**REQUIRED WORK**
Below are records to transcribe in full and unchanged; omit every picture.

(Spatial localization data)

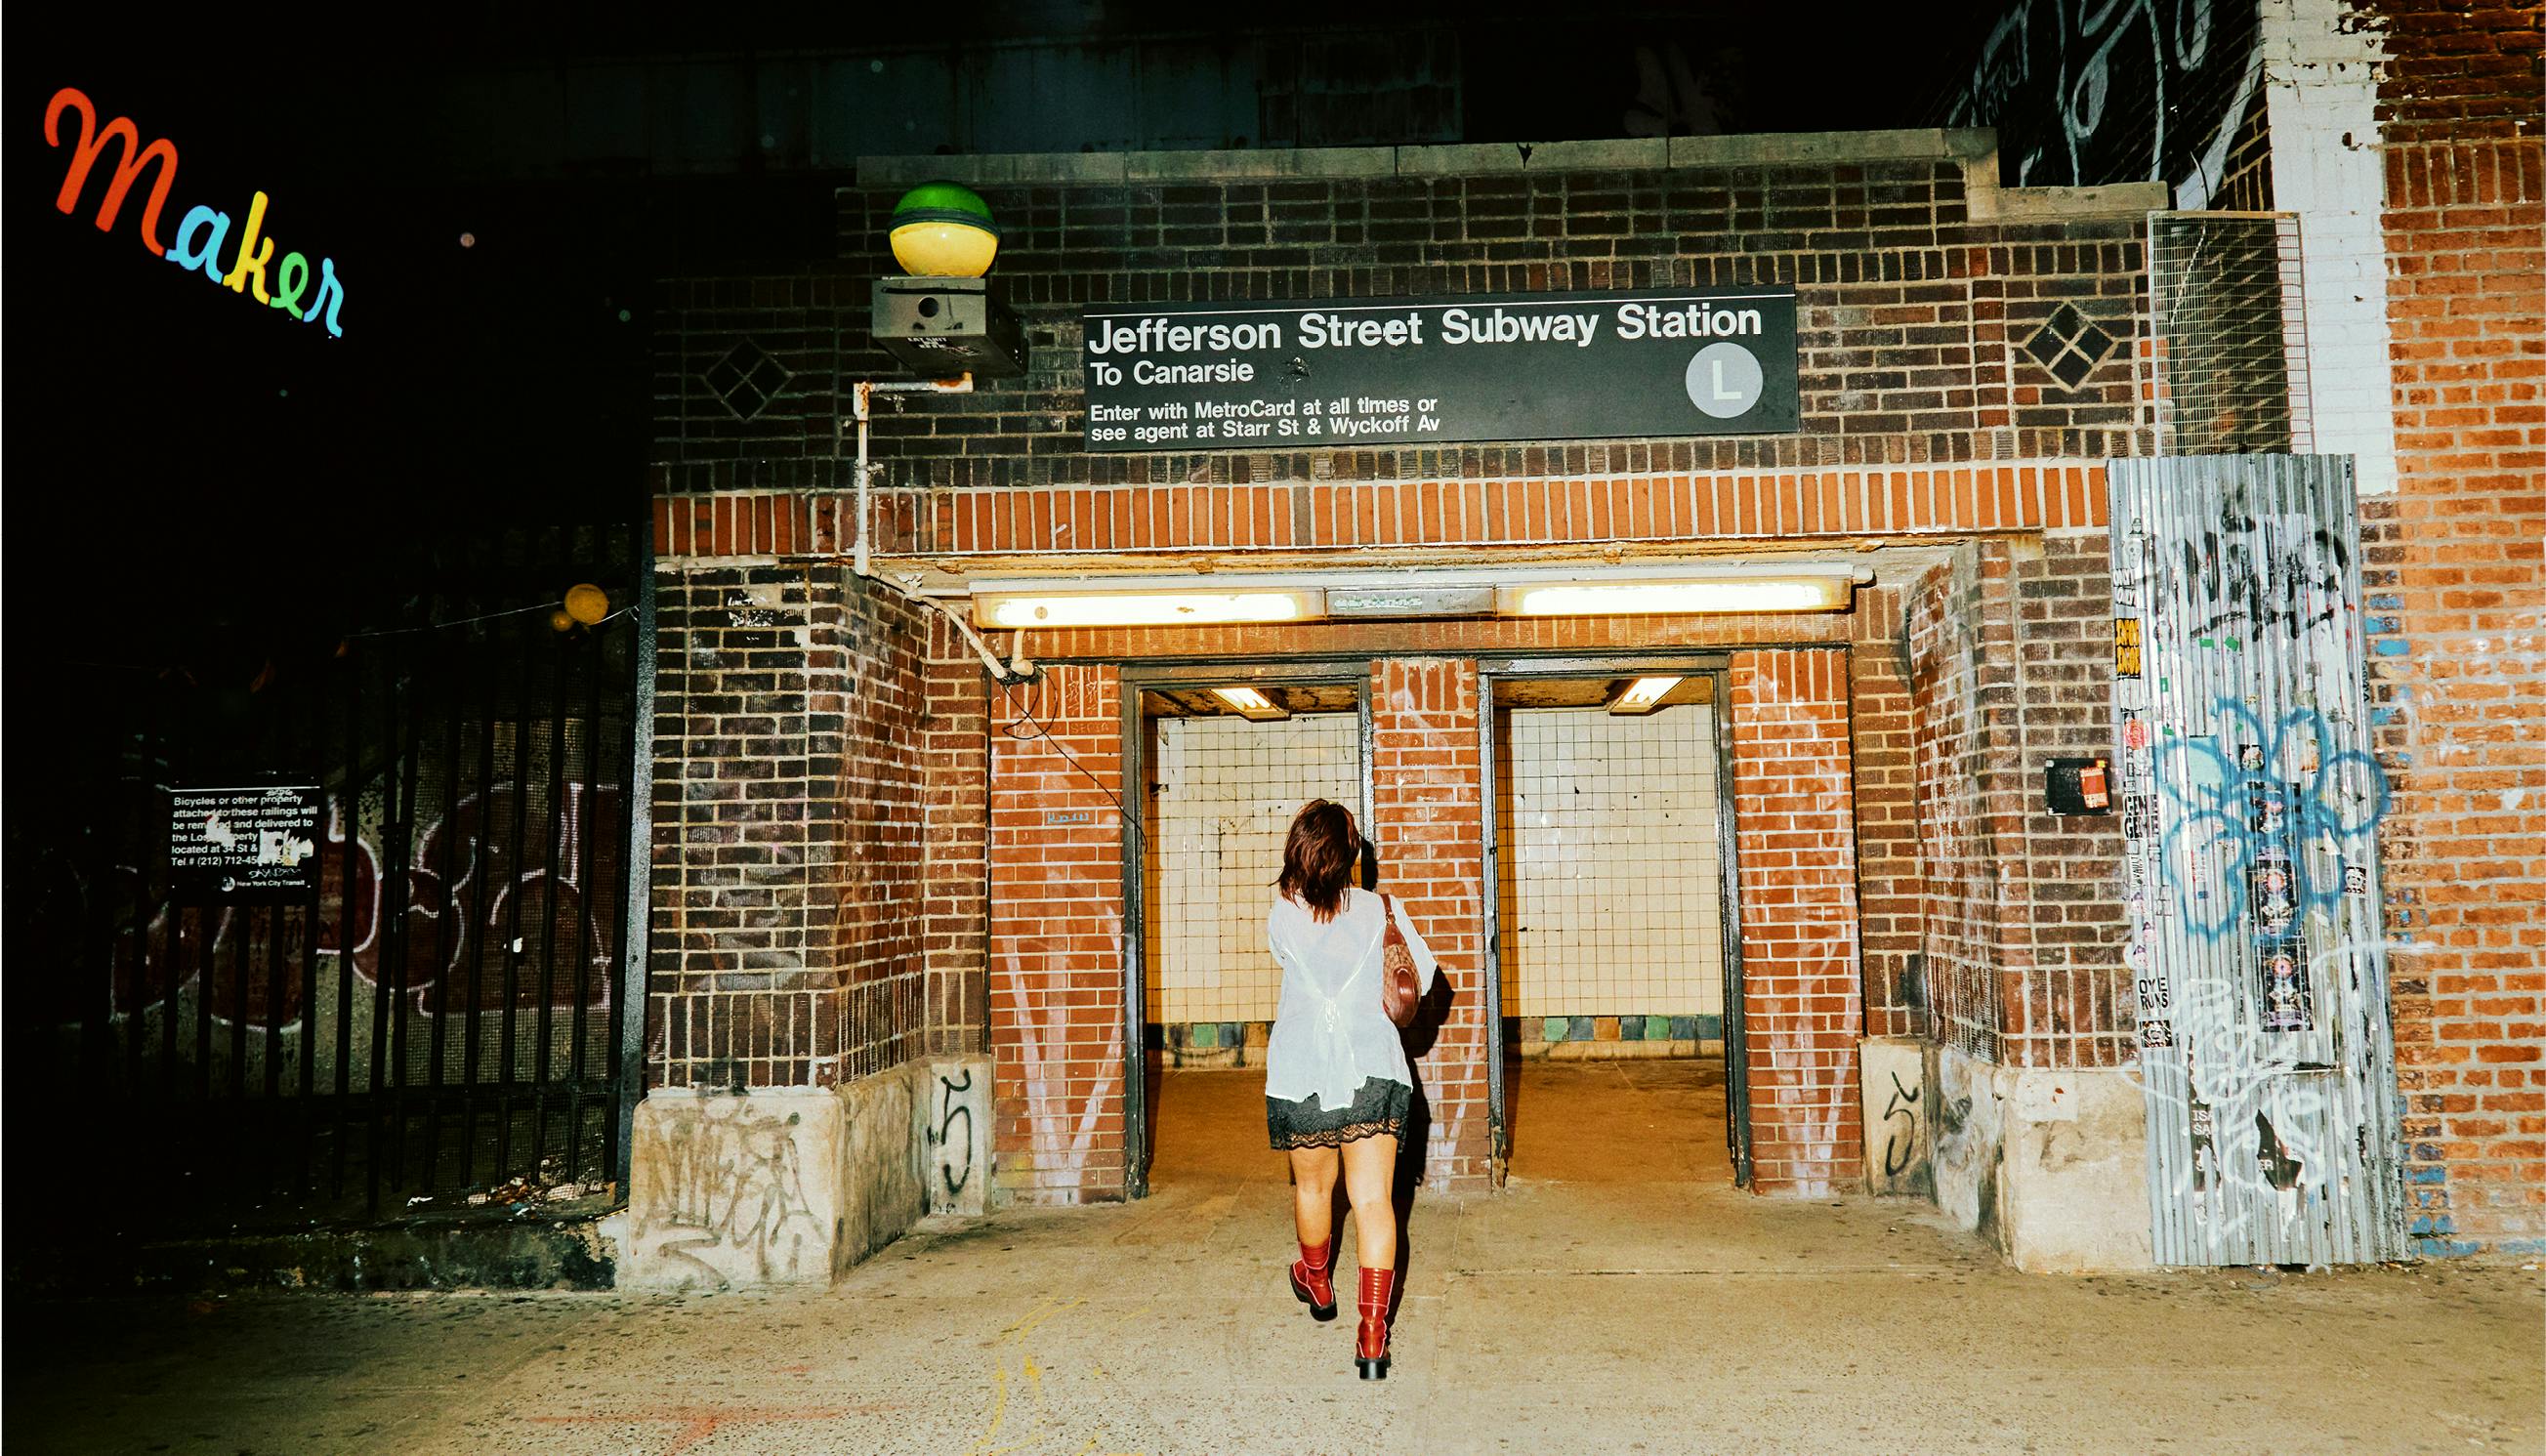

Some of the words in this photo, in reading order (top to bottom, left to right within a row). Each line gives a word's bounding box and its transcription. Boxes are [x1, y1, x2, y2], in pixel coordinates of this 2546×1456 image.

[44, 87, 344, 337] Maker
[1090, 318, 1280, 354] Jefferson
[1299, 312, 1423, 348] Street
[1442, 309, 1599, 347] Subway
[1617, 303, 1761, 339] Station
[1091, 362, 1121, 385] To
[1134, 358, 1254, 385] Canarsie
[1713, 360, 1742, 399] L
[1091, 405, 1141, 421] Enter
[1148, 402, 1187, 419] with
[1195, 399, 1295, 420] MetroCard
[1303, 400, 1321, 415] at
[1329, 398, 1350, 414] all
[1357, 397, 1409, 413] times
[1418, 398, 1438, 412] or
[1092, 429, 1126, 440] see
[1135, 424, 1188, 442] agent
[1196, 423, 1215, 437] at
[1223, 421, 1271, 437] Starr
[1278, 419, 1299, 436] St
[1308, 419, 1321, 435] &
[1329, 417, 1409, 437] Wyckoff
[1417, 415, 1440, 432] Av
[174, 796, 216, 808] Bicycles
[232, 796, 258, 805] other
[261, 795, 303, 806] property
[173, 809, 216, 818] attached
[230, 808, 258, 816] these
[261, 807, 298, 817] railings
[301, 806, 317, 814] will
[188, 820, 230, 830] remed
[255, 818, 301, 828] delivered
[303, 818, 313, 827] to
[172, 833, 188, 842] the
[171, 845, 208, 853] located
[237, 844, 248, 853] St
[250, 844, 258, 853] &
[197, 856, 222, 867] (212)

**SOLUTION**
Some of the words in this photo, in reading order (top to bottom, left to right within a row). Each line gives a word's bounding box and its transcription. Boxes are [x1, y1, x2, y2], in pixel coordinates of this 2546×1456 image.

[44, 87, 344, 337] Maker
[1090, 318, 1280, 354] Jefferson
[1299, 312, 1423, 348] Street
[1442, 309, 1599, 347] Subway
[1617, 303, 1761, 339] Station
[1091, 362, 1121, 385] To
[1134, 358, 1254, 385] Canarsie
[1713, 360, 1742, 399] L
[1091, 405, 1141, 421] Enter
[1148, 402, 1187, 419] with
[1195, 399, 1295, 420] MetroCard
[1303, 400, 1321, 415] at
[1329, 398, 1350, 414] all
[1357, 397, 1409, 413] times
[1418, 398, 1438, 412] or
[1092, 429, 1126, 440] see
[1135, 424, 1188, 442] agent
[1196, 423, 1215, 437] at
[1223, 421, 1271, 437] Starr
[1278, 419, 1299, 436] St
[1308, 419, 1321, 435] &
[1329, 417, 1409, 437] Wyckoff
[1417, 415, 1440, 432] Av
[174, 796, 216, 808] Bicycles
[232, 796, 258, 805] other
[261, 795, 303, 806] property
[173, 809, 216, 818] attached
[230, 808, 258, 816] these
[261, 807, 298, 817] railings
[301, 806, 317, 814] will
[188, 820, 230, 830] remed
[255, 818, 301, 828] delivered
[303, 818, 313, 827] to
[172, 833, 188, 842] the
[171, 845, 208, 853] located
[237, 844, 248, 853] St
[250, 844, 258, 853] &
[197, 856, 222, 867] (212)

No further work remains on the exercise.